Un mode de réalisation de la présente divulgation concerne un procédé capable de prendre en charge une amélioration de qualité d'image basée sur l'apprentissage à l'aide d'une image provenant d'un capteur d'image, ainsi qu'un dispositif électronique prenant en charge celui-ci. Le dispositif électronique peut comprendre : un dispositif d'affichage ; un circuit de communication ; un module de caméra comprenant une pluralité de caméras ; et un processeur. Le processeur peut acquérir des données d'image par l'intermédiaire du module de caméra. Le processeur peut effectuer un traitement de compartimentage sur la base des données d'image et transmettre les données d'image à un serveur par l'intermédiaire du circuit de communication. Le processeur peut acquérir une image de compartimentage sur la base du traitement de compartimentage. Le processeur peut acquérir des données d'apprentissage sur la base de l'image de compartimentage. Le processeur peut acquérir, à partir du serveur, des données réellement mesurées générées sur la base des données d'image.
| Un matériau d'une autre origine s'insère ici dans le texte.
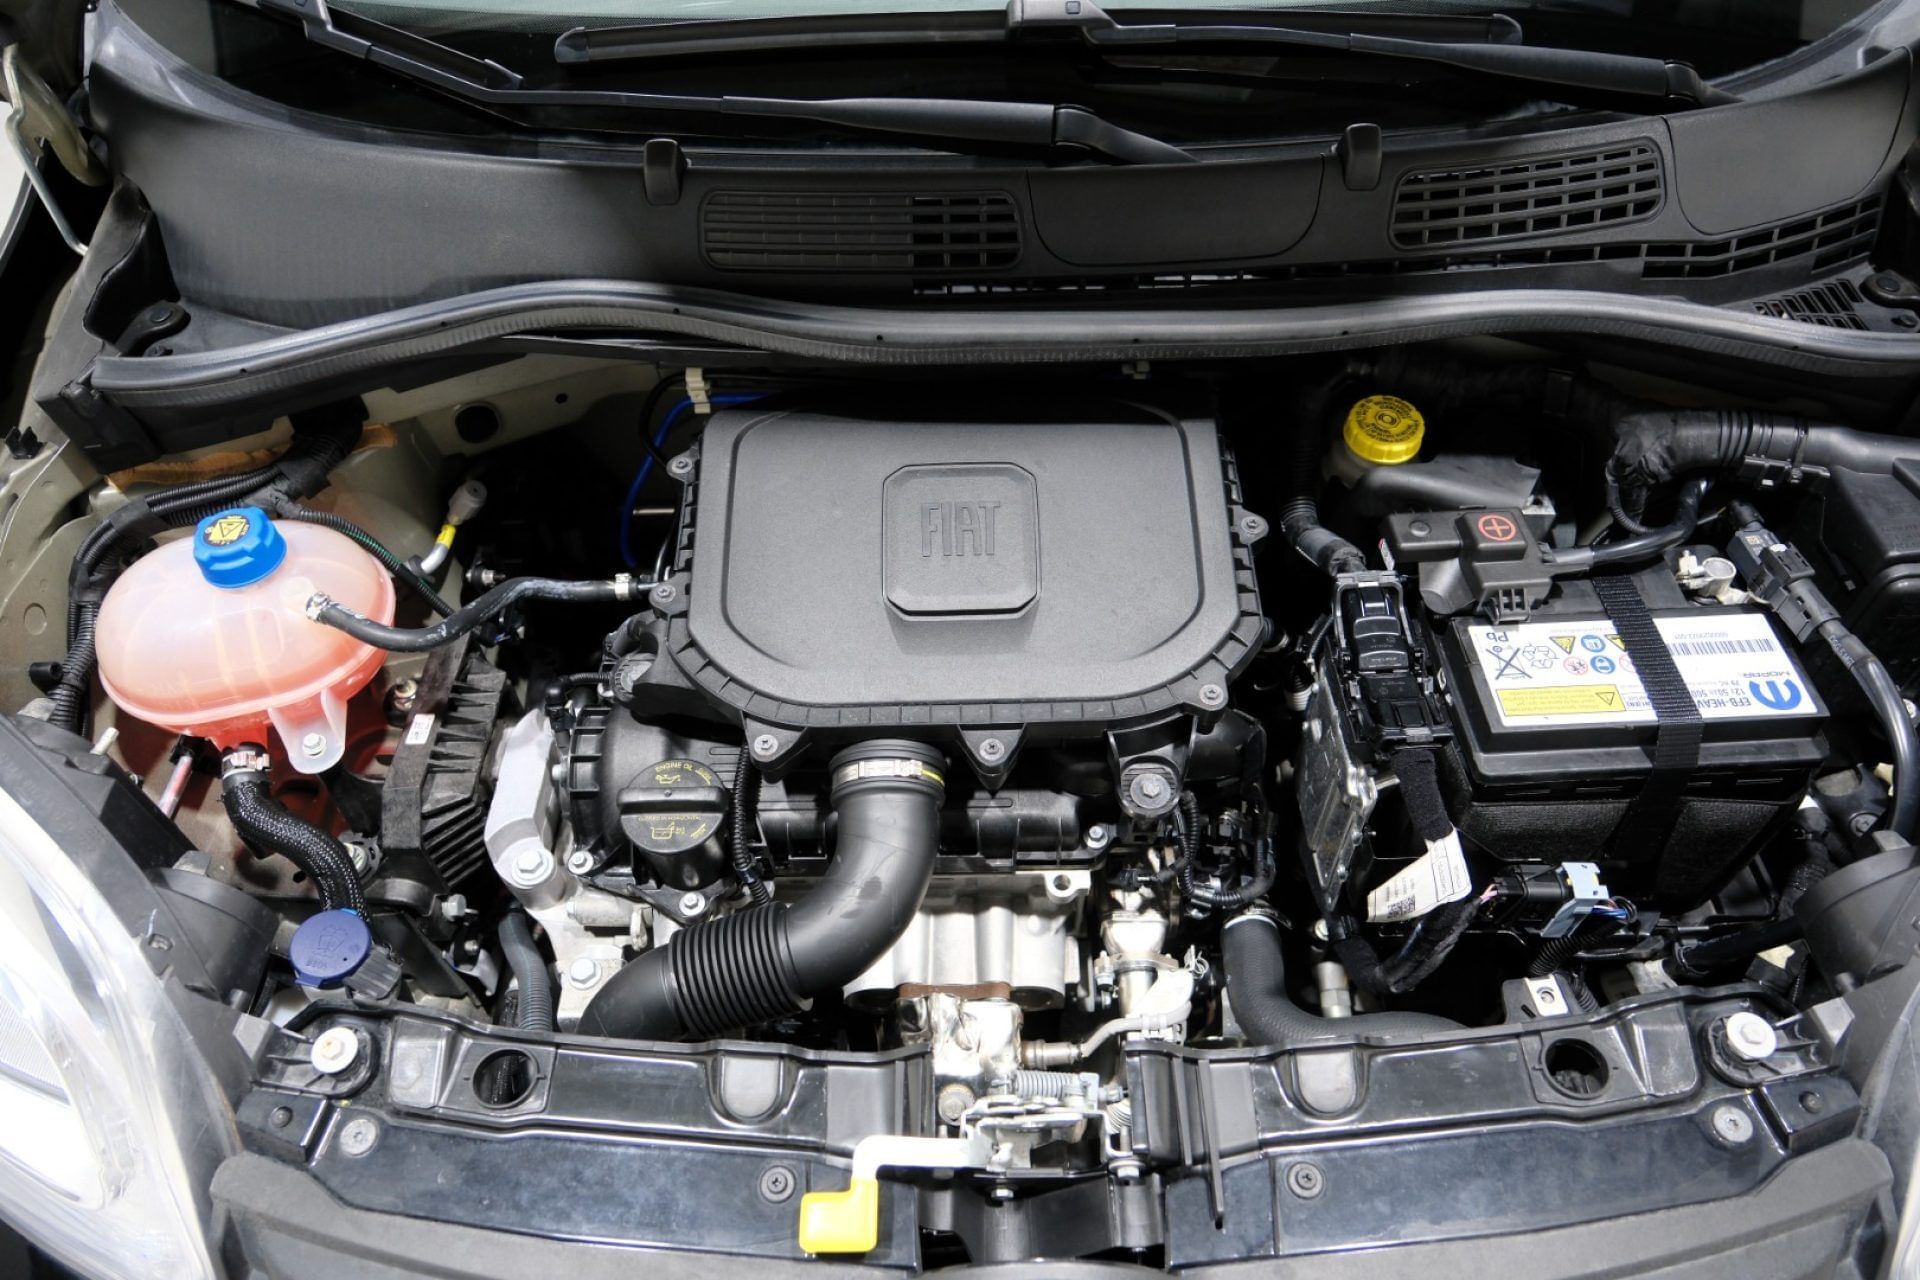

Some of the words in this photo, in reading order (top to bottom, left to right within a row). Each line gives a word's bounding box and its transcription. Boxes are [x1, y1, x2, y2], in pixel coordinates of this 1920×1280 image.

Le processeur peut effectuer un apprentissage concernant un grossissement de zoom sur la base des données d'apprentissage et des données réellement mesurées. Le processeur peut générer et mapper un paramètre correspondant au grossissement de zoom.
PCT/KR2023/015023 2022-10-18 2023-09-27 Procédé d'amélioration de qualité d'image basé sur l'apprentissage utilisant une image provenant d'un capteur d'image, et dispositif électronique prenant en charge celui-ci WO2024085501A1 (fr)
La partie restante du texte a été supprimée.